- **Data to process**
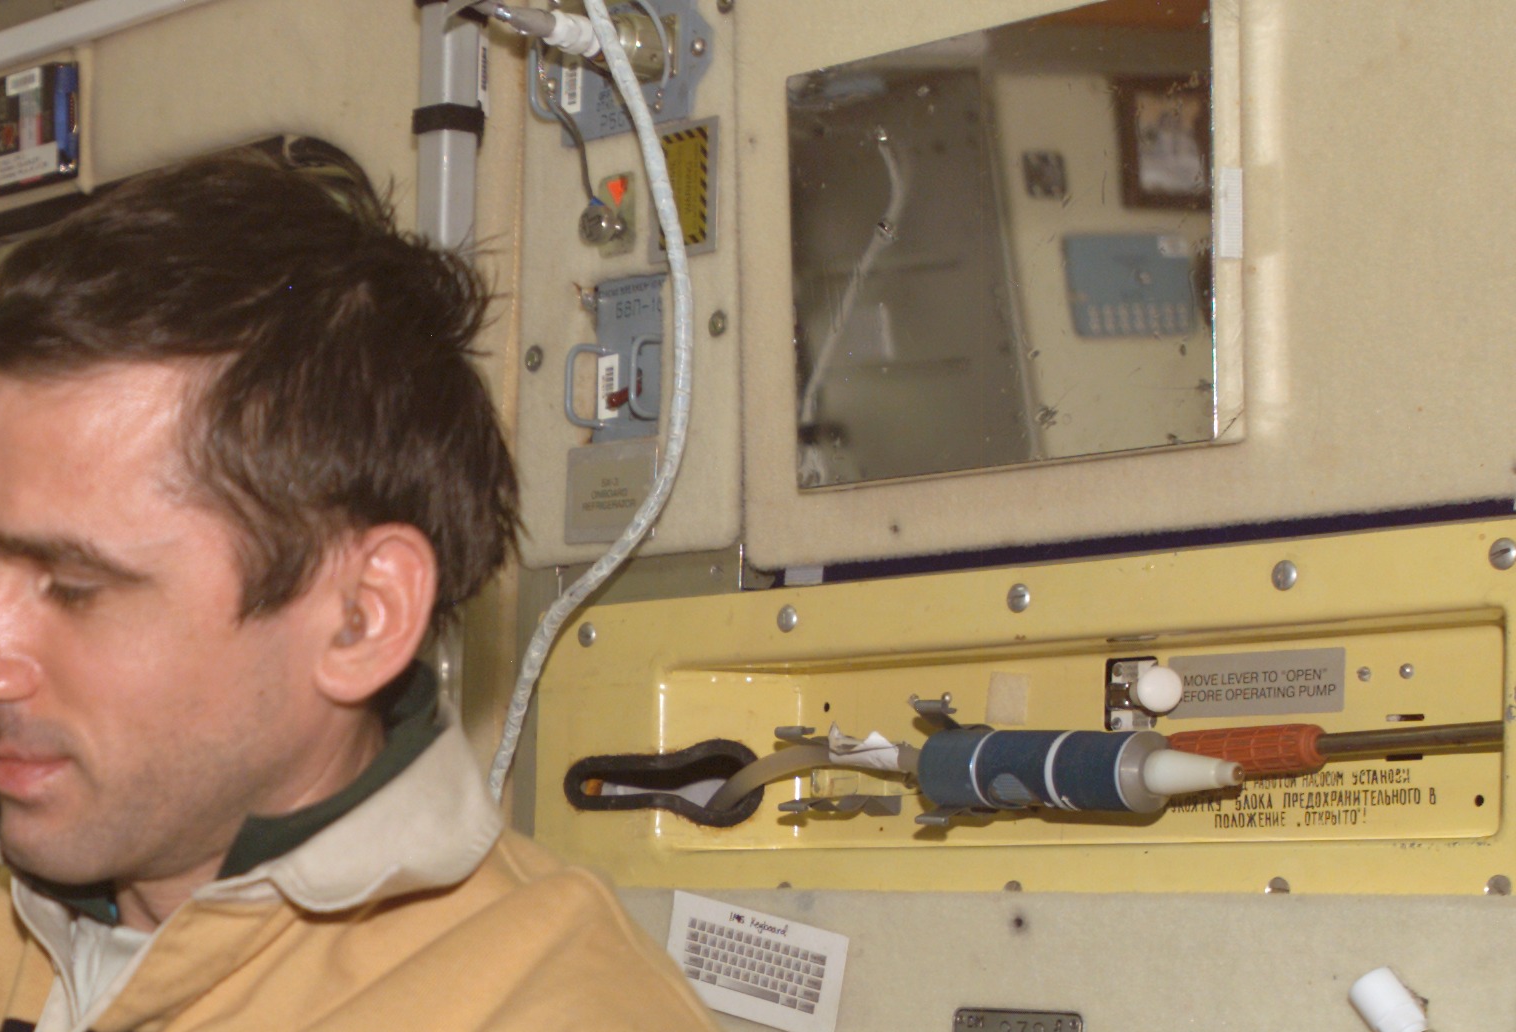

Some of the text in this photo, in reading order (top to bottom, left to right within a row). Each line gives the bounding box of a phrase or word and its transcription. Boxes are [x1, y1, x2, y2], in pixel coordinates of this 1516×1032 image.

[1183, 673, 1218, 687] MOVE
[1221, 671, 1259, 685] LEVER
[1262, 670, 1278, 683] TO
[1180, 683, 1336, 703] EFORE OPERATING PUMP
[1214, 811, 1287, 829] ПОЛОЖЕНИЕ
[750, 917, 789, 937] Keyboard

- **Brief**
Restate the data word for word and exclude every picture.

- **Result for this exercise**
Some of the text in this photo, in reading order (top to bottom, left to right within a row). Each line gives the bounding box of a phrase or word and its transcription. Boxes are [x1, y1, x2, y2], in pixel coordinates of this 1516×1032 image.

[1183, 673, 1218, 687] MOVE
[1221, 671, 1259, 685] LEVER
[1262, 670, 1278, 683] TO
[1180, 683, 1336, 703] EFORE OPERATING PUMP
[1214, 811, 1287, 829] ПОЛОЖЕНИЕ
[750, 917, 789, 937] Keyboard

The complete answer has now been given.